Our results may have significant policy implications given that the value of secondary findings remains debatable. While they are often of clinical significance, they also may result in unintended psychological, social, and medical consequences. Our study shows strong support for a policy where medically actionable findings unrelated to the reason for sequencing are disclosed by default, and that patients have a choice about whether they receive these results. We also show there was little support for policies where results for adult-onset conditions in children and carrier-status are not given by default and there is no choice about disclosure. However, as citizens become more informed and have discussions with their fellow citizens they become significantly more supportive of these more restrictive policies. Translating levels of public support into policy can be challenging.

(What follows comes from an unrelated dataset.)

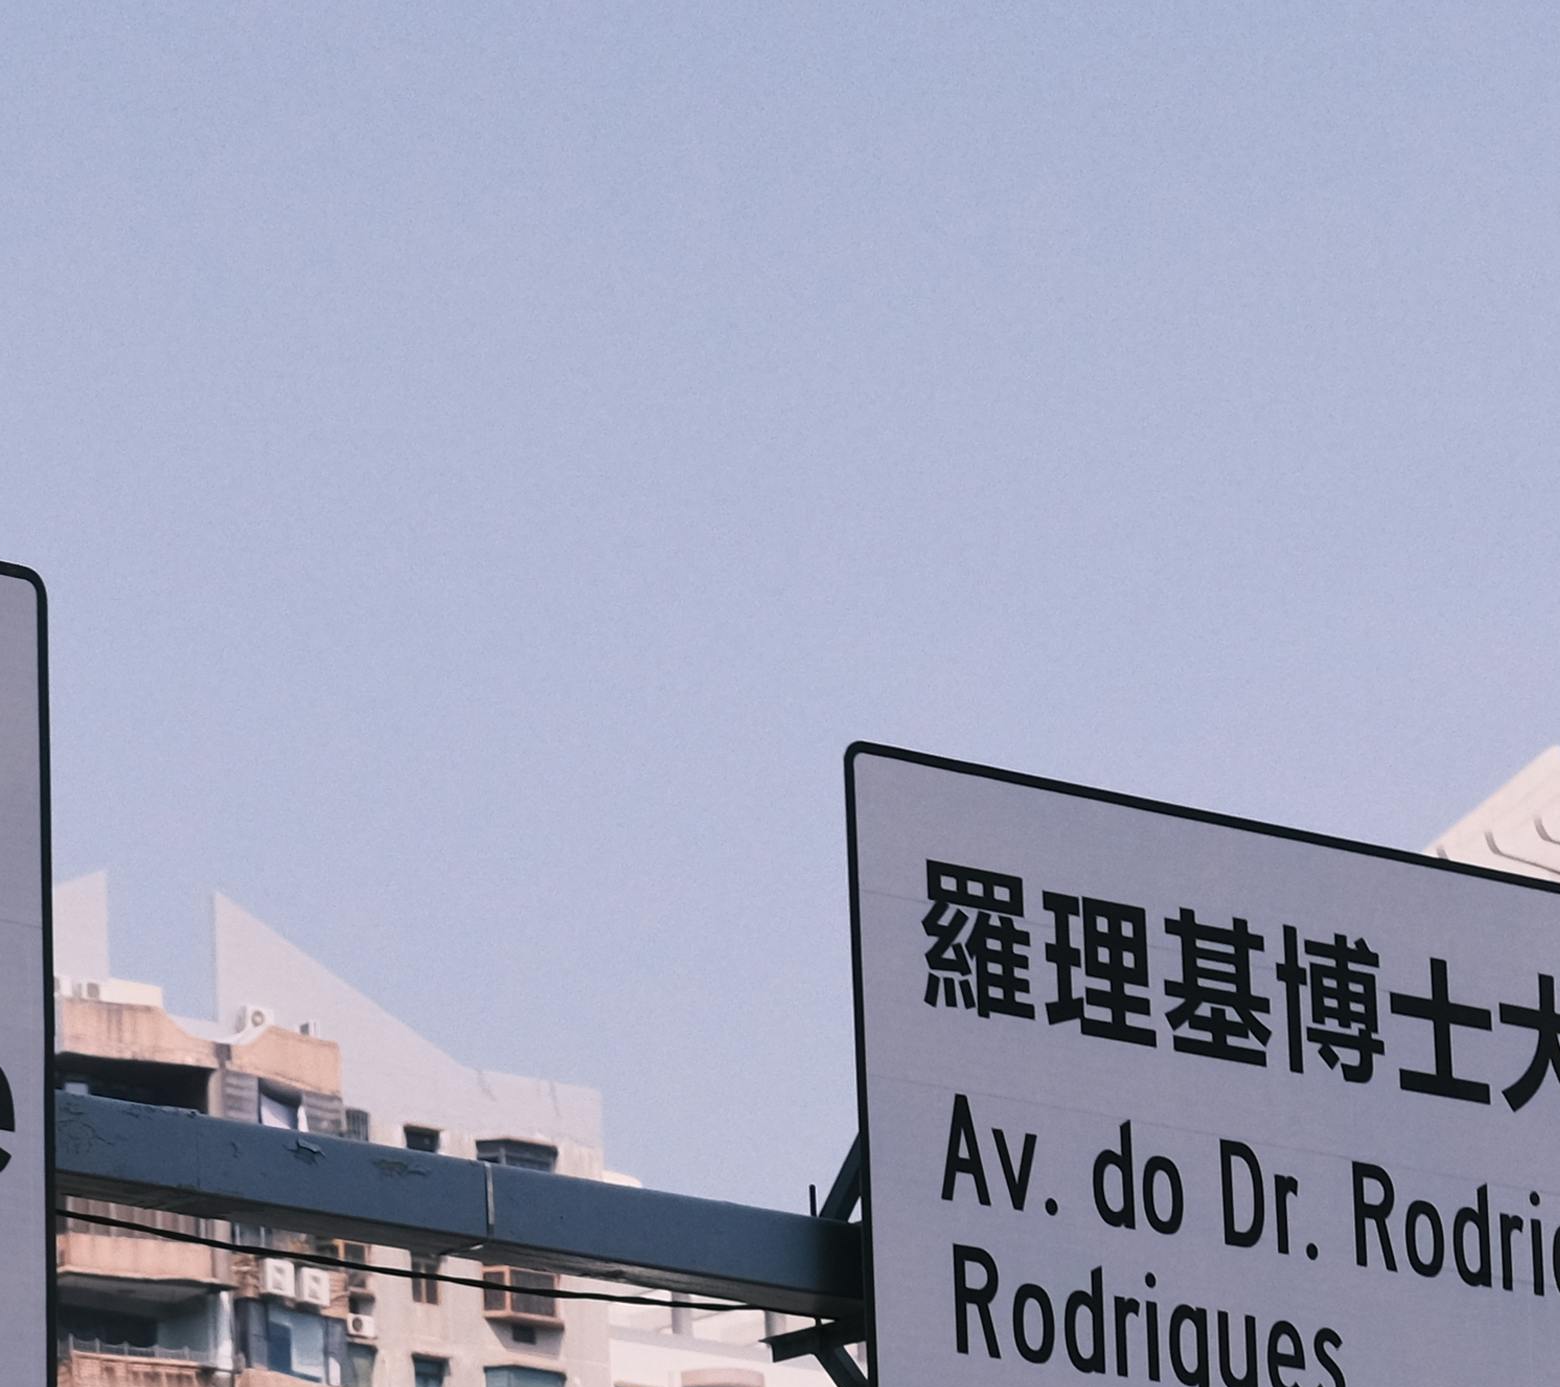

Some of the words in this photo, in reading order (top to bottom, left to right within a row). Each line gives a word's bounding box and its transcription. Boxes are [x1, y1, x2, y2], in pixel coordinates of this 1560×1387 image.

Nevertheless, it may be useful for institutional review boards, other research oversight bodies, and future policy-making panels to know what happens when citizens are provided an opportunity to learn and deliberate about the complex ethical and scientific issues regarding of the return of secondary findings in genomic sequencing.

Further, while our study was focused on preference for policies regarding secondary findings, the results also reflect the importance of pretest counseling since individual preferences seemed to change with deliberation.

Finally, our study also demonstrates the feasibility of a DD approach for obtaining high quality feedback from the public on policy issues that involve complex ethical and scientific dimensions. Most importantly, this research confirms the need to seek informed and considered public opinion about societal policies on these complex disclosure issues.